Acute lymphoblastic leukemias are one of the most deadly types of cancer in children. Treatment received depends on the appropriate classification into ‘risk groups.’ However, even now, 15% of patients relapse after initial treatment and die because of the disease. We intend to get closer to zero-relapse by exploiting the huge amount of human data available from the initial disease stages (e.g. flow cytometry data) to better classify patients and to design more effective personalized treatments in-silico.
Flow-cytometry data obtained from patient’s bone marrow contains data of many markers (typically between 6 and 12) for a large number of cells (100,000 – 1,000,000). However, a minor part of that information is used together with other data available. Mathematical algorithms can be used to find and exploit hidden information in these data.
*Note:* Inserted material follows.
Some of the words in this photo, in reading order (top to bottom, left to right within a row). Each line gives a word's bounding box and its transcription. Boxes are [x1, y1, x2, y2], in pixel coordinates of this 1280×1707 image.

Also, complex combinations of different drugs are used during the different treatment stages: induction, consolidation and maintenance. Mathematical optimization methods may help in finding not just ‘effective’ but optimal combinations with the highest efficacy and the minimal toxicity possible for each patient.
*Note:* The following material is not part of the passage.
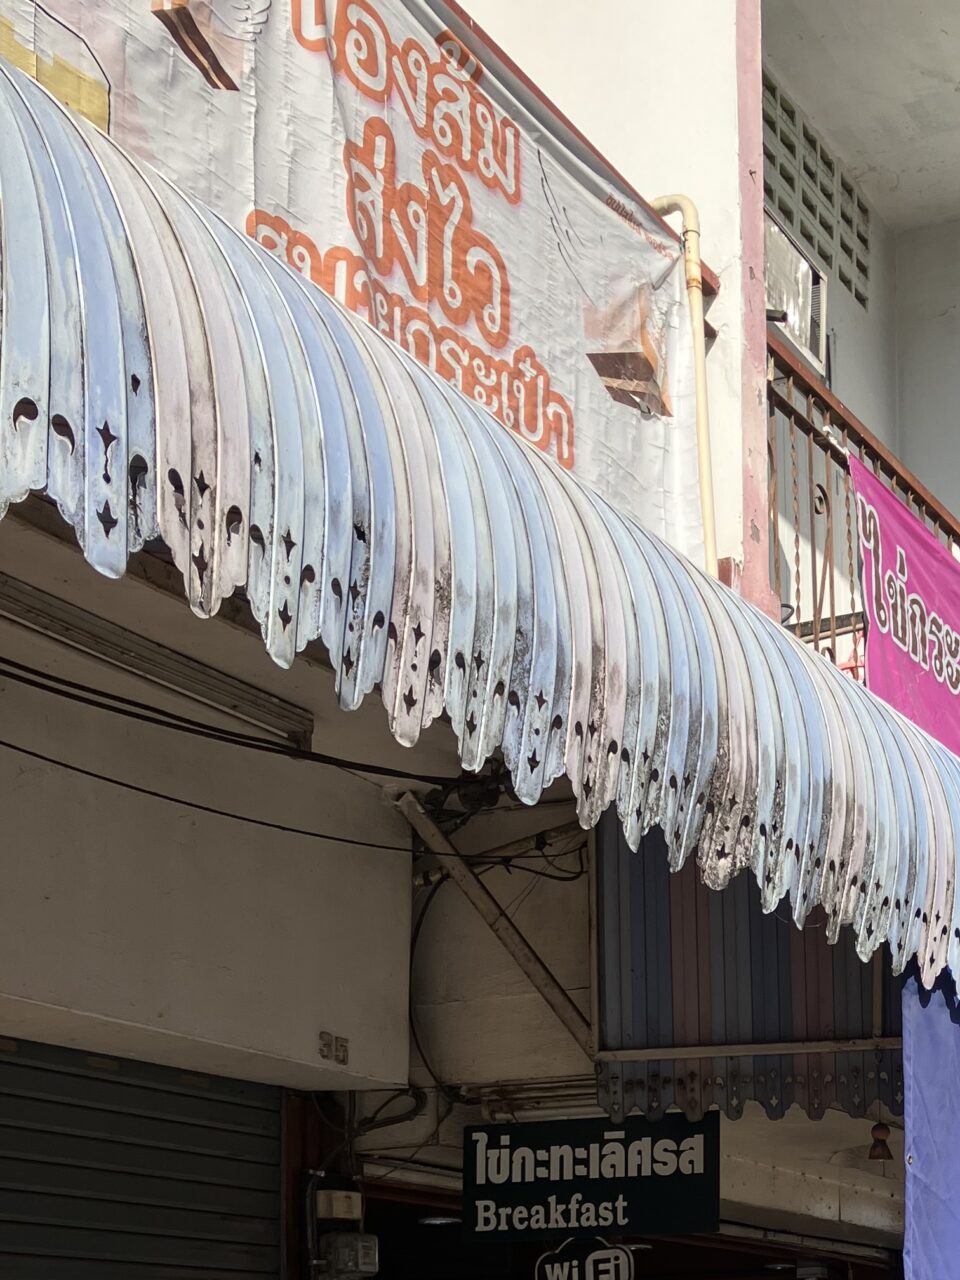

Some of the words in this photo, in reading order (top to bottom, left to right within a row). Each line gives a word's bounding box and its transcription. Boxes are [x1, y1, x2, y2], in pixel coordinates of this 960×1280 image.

[349, 134, 502, 334] ส่งไว
[318, 1030, 350, 1066] 35
[474, 1193, 630, 1233] Breakfast
The project is led by María Rosa Durán (Molab, Universidad de Cádiz) and Cristina Blázquez (Hospital de Jerez). Molab researchers at UCLM cooperate in the project as well as other hospitals in the framework of the Spanish Society for Pediatric Hematology and Oncology (e.g. Hospital Virgen de La Arixaca, Murcia, and others).
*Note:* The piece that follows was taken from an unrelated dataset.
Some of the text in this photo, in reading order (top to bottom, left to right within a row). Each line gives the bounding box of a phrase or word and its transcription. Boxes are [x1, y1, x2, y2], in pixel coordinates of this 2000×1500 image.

The first leukemia cases were described in 1827. It was not until 1947 that a drug was available to treat the disease in children, who up to then died in a few months without treatment. Current scientific progress has led to a survival rate around 80-85%, but we want to achieve 100%. We have a multidisciplinary research team including mathematicians, physicists, biologists, immunologists and hematologists working together with the hope that no child suffering this disease will have a relapse.
We hope the ideas and methods to be developed in this project may be extended to other blood or lymphatic malignancies where similar data are available on diagnosis.